Though the six concertos use the characteristic concerto grosso scoring, the elements of eclecticism and sheer ostentation are so numerous as to create novel structures in their own right. On the whole, the seventh and ninth concertos are orthodox in their treatment, but the eighth, subtitled ‘à immitazione de Corni da Caccia’ is distinctly unusual. In the opening Grave (followed without a break by a Fuga) and in the subsequent Largo each of the soli plays in unison with the corresponding ripieno part. The last two movements (Vivace and Allegro) modify this pattern by introducing elements that unquestionably derive from the solo concerto, and the first violin of the concertino assumes a dominant role. The solo episodes feature the horn imitation mentioned in the subtitle, double-stopping suggesting the use of two distinct instruments. The tenth concerto (‘Da Camera’) is a reworking of material from the sixth sonata of Locatelli’s Op 8 (though the latter work was actually published nine years later; see Hyperion CDD22057). It is in three movements: a maestoso Adagio in the Corellian mould followed by an Allegro and rounded off by a Minuetto and seven variations.

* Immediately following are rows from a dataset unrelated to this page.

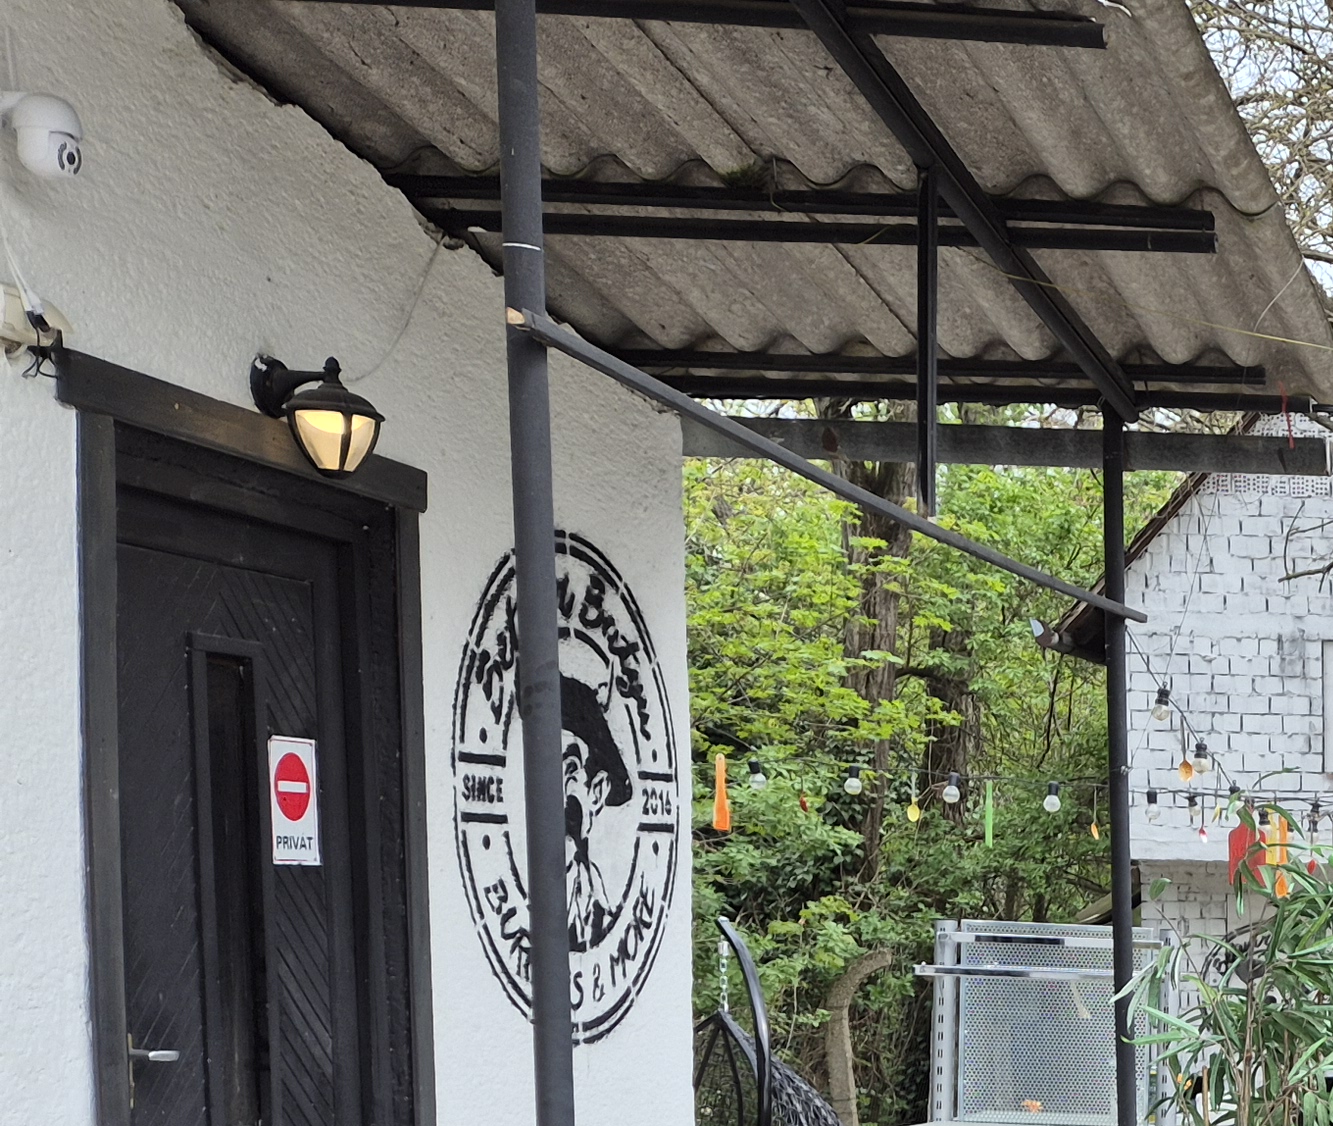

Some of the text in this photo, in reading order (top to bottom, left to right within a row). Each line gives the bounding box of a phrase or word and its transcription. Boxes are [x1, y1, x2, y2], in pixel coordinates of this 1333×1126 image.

[462, 773, 504, 804] SINCE
[641, 787, 672, 816] 2016
[276, 833, 313, 850] PRIVÁT
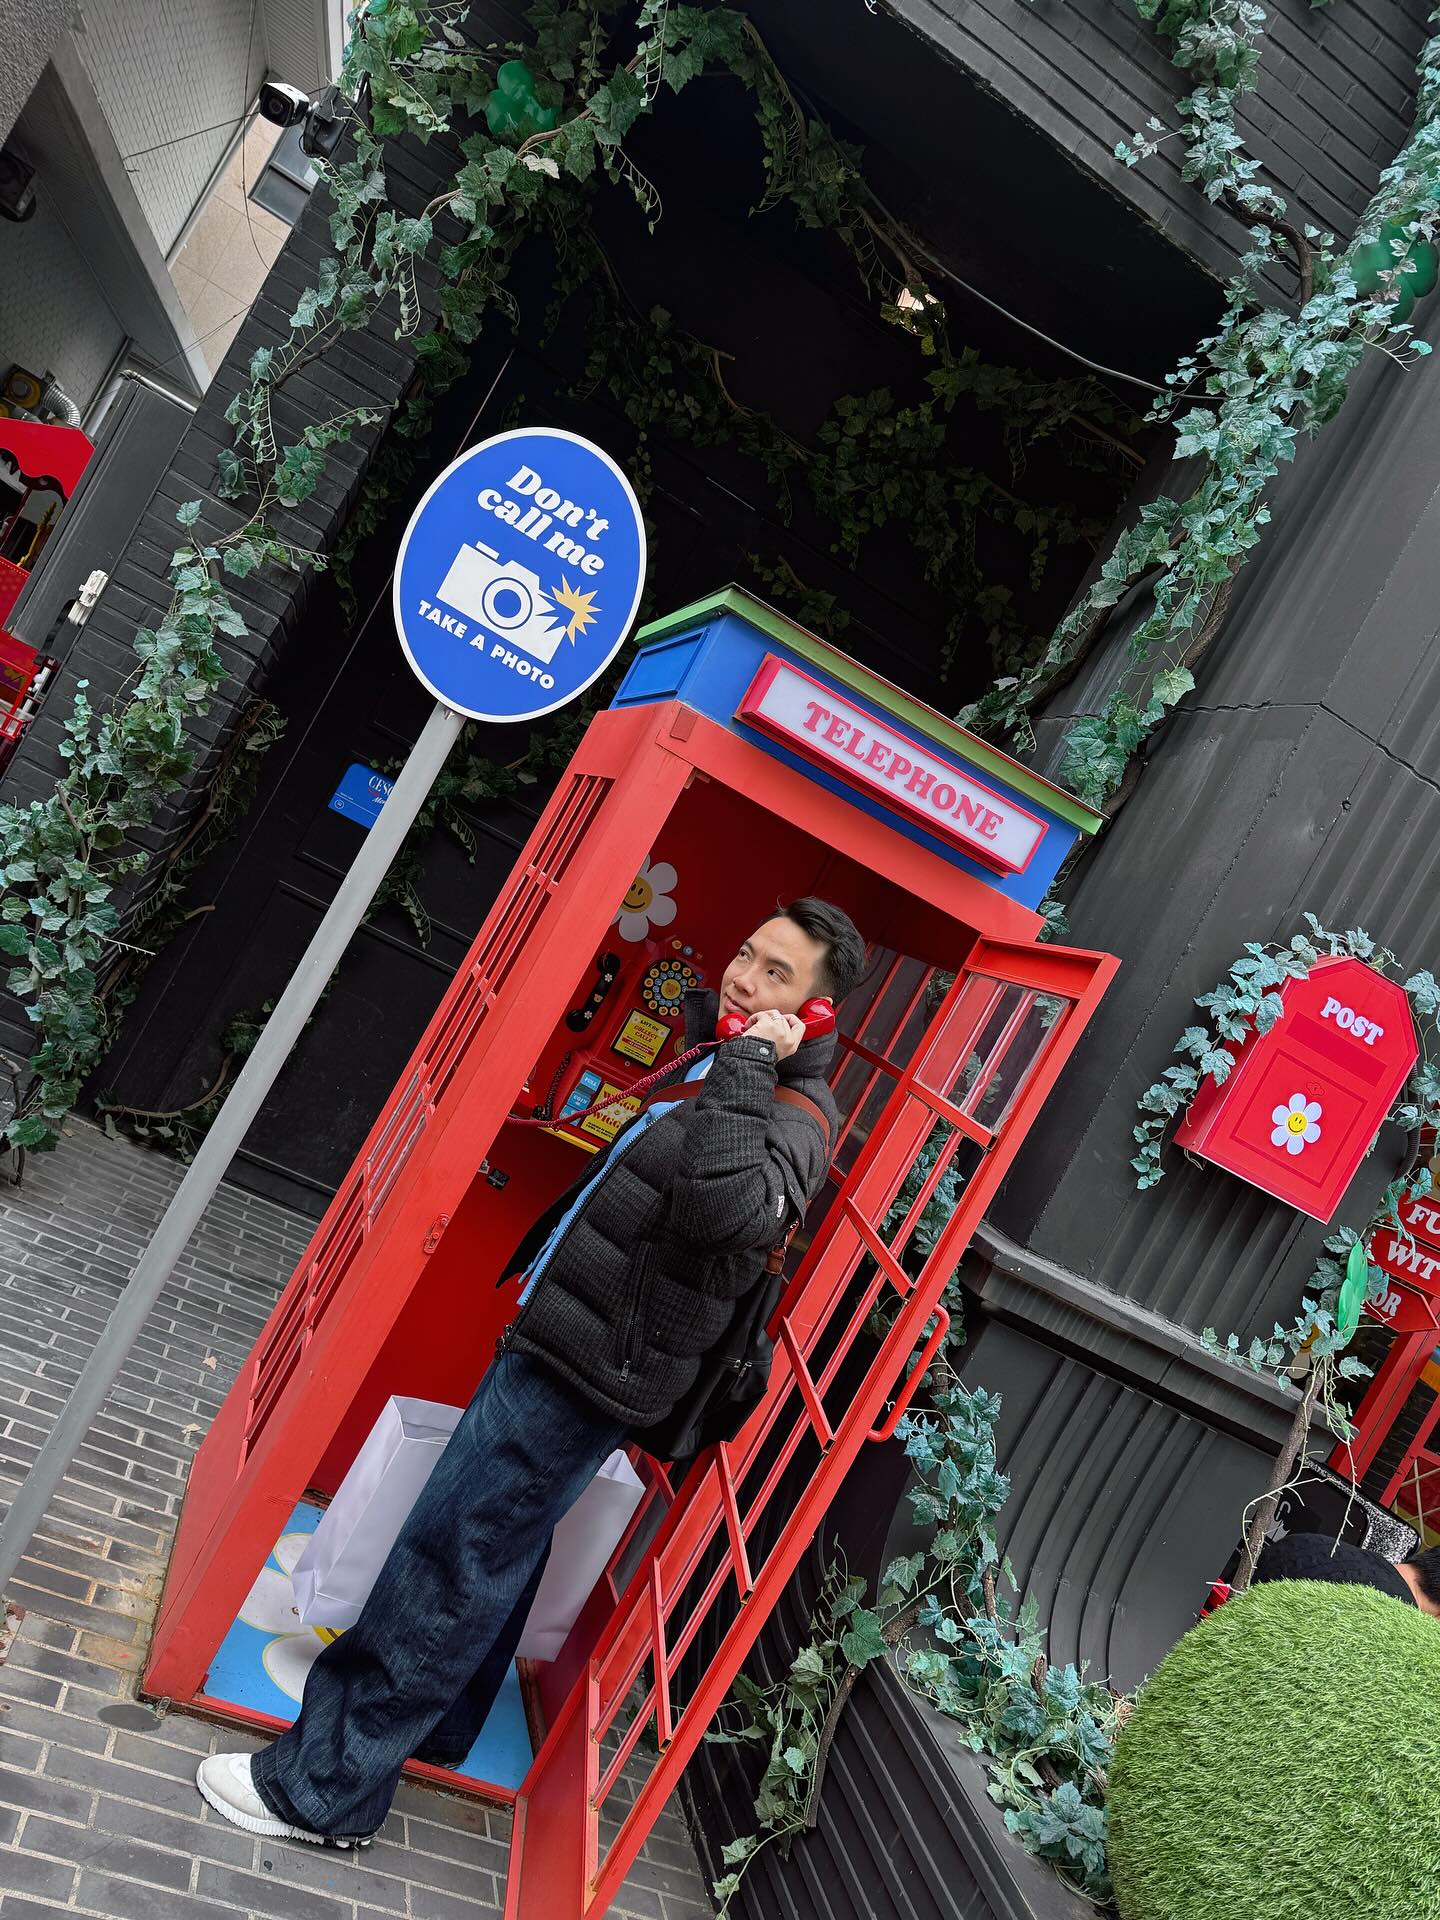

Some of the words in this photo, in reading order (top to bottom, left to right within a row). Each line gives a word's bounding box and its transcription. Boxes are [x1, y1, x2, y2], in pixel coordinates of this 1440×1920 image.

[477, 488, 553, 541] call
[542, 531, 605, 576] me
[505, 465, 609, 541] Don't
[417, 599, 468, 639] TAKE
[469, 633, 485, 651] A
[490, 643, 555, 689] PHOTO
[802, 701, 1004, 841] TELEPHONE
[1320, 996, 1384, 1045] POST

The minuet theme itself is of only slight intrinsic interest, but its simplicity is not without elegance and it provides the framework for a sequence of variations that alternate between affectionate refinement and impulsive vitality. Of particular note is variation 5, during which the strings are asked to play pizzicato on muted strings. The contrast between the subdued atmosphere of this passage and the whirl of impassioned sound enveloping the listener in the last variation is truly spectacular. The full title of the eleventh concerto (‘à 5. Da Chiesa’) refers to a scoring and style that were already obsolete by the time the volume was published. Indeed it is the only concerto to be written in five parts: two violins, two violas and the ripieno bass. The collection closes with a concerto for four obbligato violins, though in fact the first violin of the concertino is practically speaking quadruplicated: the four instruments exchange identical material, paired off in unison or thirds. It is not unlikely that this piece was inspired by the tenth concerto in Vivaldi’s L’Estro Armonico, where similar procedures are applied.

Chronologically, the Op 4 follows shortly after the publication of Locatelli’s L’Arte del Violino, Op 3 (1733), the set of solo concertos widely acknowledged as the composer’s spiritual testament: works which elevate violin writing to hitherto uncontemplated heights of virtuosity and look boldly to the future, to the extent that Locatelli may be legitimately viewed as the most direct precursor of Paganini himself. Much of the virtuoso expertise displayed in that volume also finds its way into the Op 4 collection. Two features particularly stand out: the fine shaping of the ornamentation in the slow movements and the care and precision (exceptional for his day) with which the dynamics, articulation, and phrasing are marked. But equally important are the manifest signs of the formal innovator, of a composer experimenting with genres, shaping new forms and exploiting the combined potential of the concerto grosso and solo concerto.